Critiques filtrées sur 1 étoiles  
J'ai bien senti, après que mon père eut lu mon commentaire sur Raymond Carver, comme il avait été embarrassé de me l'avoir conseillé : comme j'ai éreinté ce livre, il suppose que j'ai perdu mon temps par sa faute, déploré cette perte, et il a dû s'en croire coupable. Mais il ignore que même un mauvais ouvrage fait un bon exercice pour un critique, et que le plaisir à analyser minutieusement les raisons d'un échec peut presque égaler parfois celui de se plonger dans un livre réussi.
L'autre jour, il est venu me voir avec ce livre ; prudent, il a précisé : « C'est la situation initiale du personnage qui m'a plu. Je te le prête, tu n'y passeras pas longtemps de toute façon. Ce n'est sans doute pas un grand roman, mais… enfin tu verras. »
S'il lit actuellement cette introduction, puisque je ne lui ai pas encore dit ce que je pense de cet ouvrage, comme il doit s'inquiéter à cette heure ! J'éternise un peu pour prolonger sa souffrance, et, comme cela se partage et se moque, je vous en fais profiter tous par la même occasion !
Mais d'abord :
Il faut considérer le traducteur de ce polar comme une sorte de génie paradoxal, un artiste de l'absurde, un admirable iconoclaste du bon sens. C'est que Wainwright, britannique, jugea bon d'intituler le livre Cul-de-sac… oui, directement en français dans la version originale. Or, ce français sembla sans doute une injure aux capacités d'un ouvrier si laborieux, et il parut impossible à ce traducteur de talent de conserver ce titre tel quel – la tentation dut même être grande pour lui de le transposer en anglais et de tâcher de justifier ainsi son salaire par toutes sortes de contorsions propres à noyer son front de sueurs ostensibles. de son côté, l'éditeur, qui est un être généralement frustre et intéressé surtout par l'argent et diverses choses légales, put constater qu'un livre de Douglas Kennedy portait déjà ce titre, et il se dit, bien qu'il ne fût pas du tout prohibé que deux oeuvres portassent le même nom : « Ce serait un fort inconvénient que deux romans soient intitulés de la même manière ! Cela pose au moins quelque problème de visibilité commerciale. » Et voici comment, dans son inculture crasse, et ignorant totalement qu'il a existé quelqu'un comme Jean-Jacques Rousseau, le type songea, ému certainement par sa propre pensée admirable et superbe : « Tiens, il n'y a qu'à intituler celui-ci Une confession : c'est très original incontestablement, et ça ne marche sur les brisées de personne ! ».

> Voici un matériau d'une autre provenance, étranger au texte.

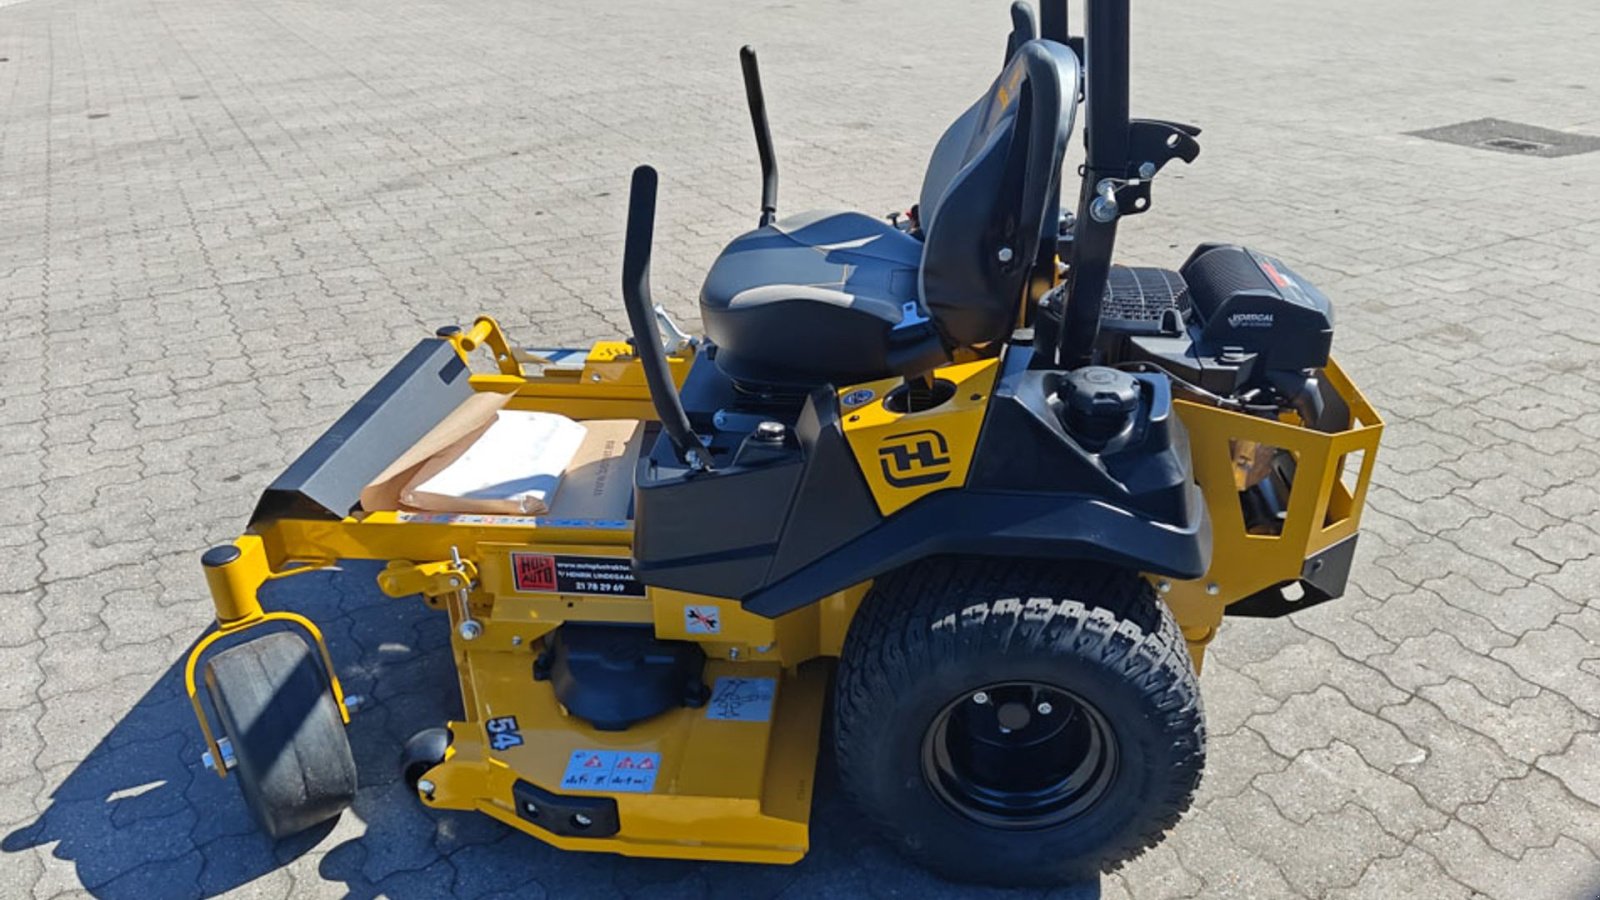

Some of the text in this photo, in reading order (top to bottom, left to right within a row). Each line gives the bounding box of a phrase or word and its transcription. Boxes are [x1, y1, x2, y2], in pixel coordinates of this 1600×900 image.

[522, 567, 553, 584] AUTO
[566, 571, 592, 579] HENRIK
[576, 582, 625, 592] 21 78 29 69
[487, 716, 523, 750] 54

Bref. J'écris « bref » une fois de plus en évoquant le merveilleux monde contemporain du livre : combien de « bref » encore me faudra-t-il dépenser avant de pouvoir, sans rien taire, parler franchement car avec fierté d'un univers qui aura cessé de sombrer dans la plus détestable marchandise ?

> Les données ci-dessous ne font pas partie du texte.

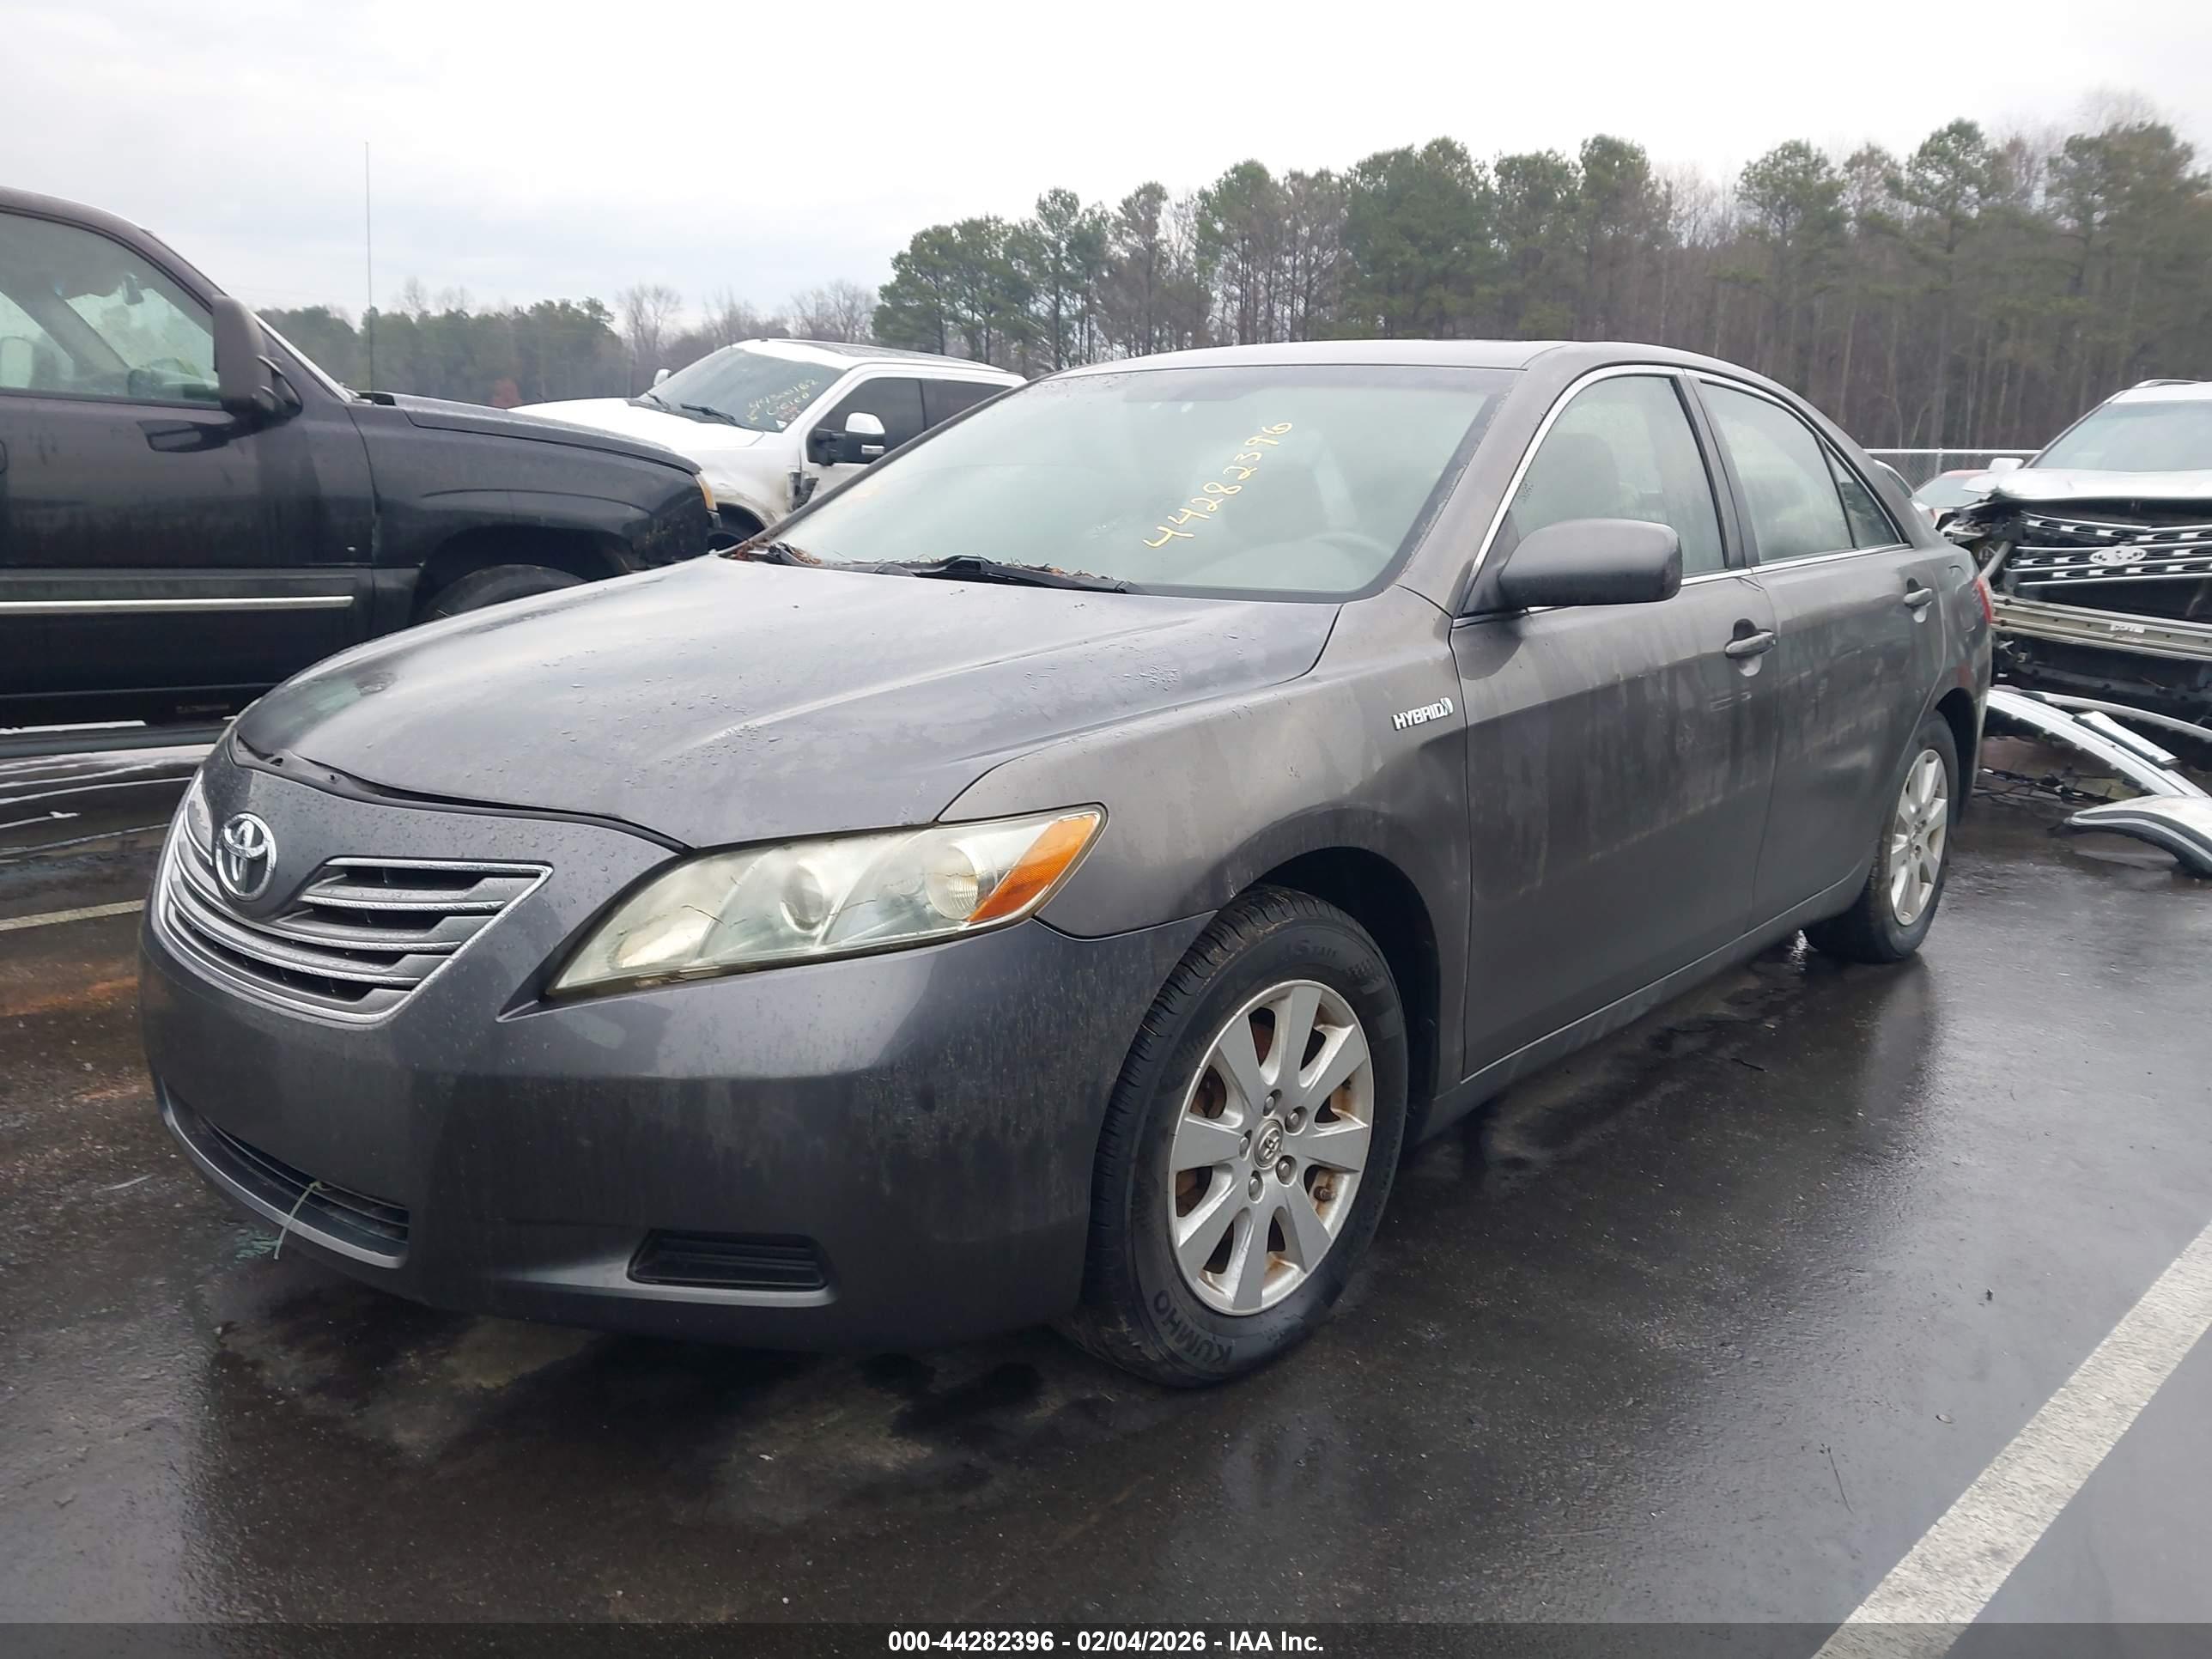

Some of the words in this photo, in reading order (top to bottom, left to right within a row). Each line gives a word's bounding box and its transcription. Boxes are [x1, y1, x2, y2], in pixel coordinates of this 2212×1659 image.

[1142, 422, 1293, 549] 44282396
[1392, 702, 1446, 731] HYBRID
[1152, 1289, 1235, 1367] KUMHO

Papa avait raison, le début de ce roman est une odieuse réjouissance. Dans son journal, M. Duxbury, cinquantenaire propriétaire d'une imprimerie, raconte, à dessein d'être un jour lu par son fils adoré, son affreux quotidien de couple avec une mégère guindée et insupportable, capricieuse, stupide, insensible, sorte de garce embourgeoisée dont le portrait est un délice pour les coeurs acides. Cet homme, qui se croit coincé dans une existence de concessions perpétuelles et d'instabilités d'humeur subies, exprime combien il tient malgré tout au « bonheur de cette contrainte », et combien il estime son mariage un effort continu et nécessaire de bonne entente en dépit des soumissions cinglantes auxquelles il s'oblige. En cela, ce journal représente l'abnégation imbécile et chrétienne à laquelle de nombreuses générations se sont pliées et dont il subsiste beaucoup dans notre société où il faut : subir, tolérer, arranger, le tout avec une espèce d'extinction de vitalité qui passe, on ne sait pourquoi, pour une vertu de patience voire de sagesse.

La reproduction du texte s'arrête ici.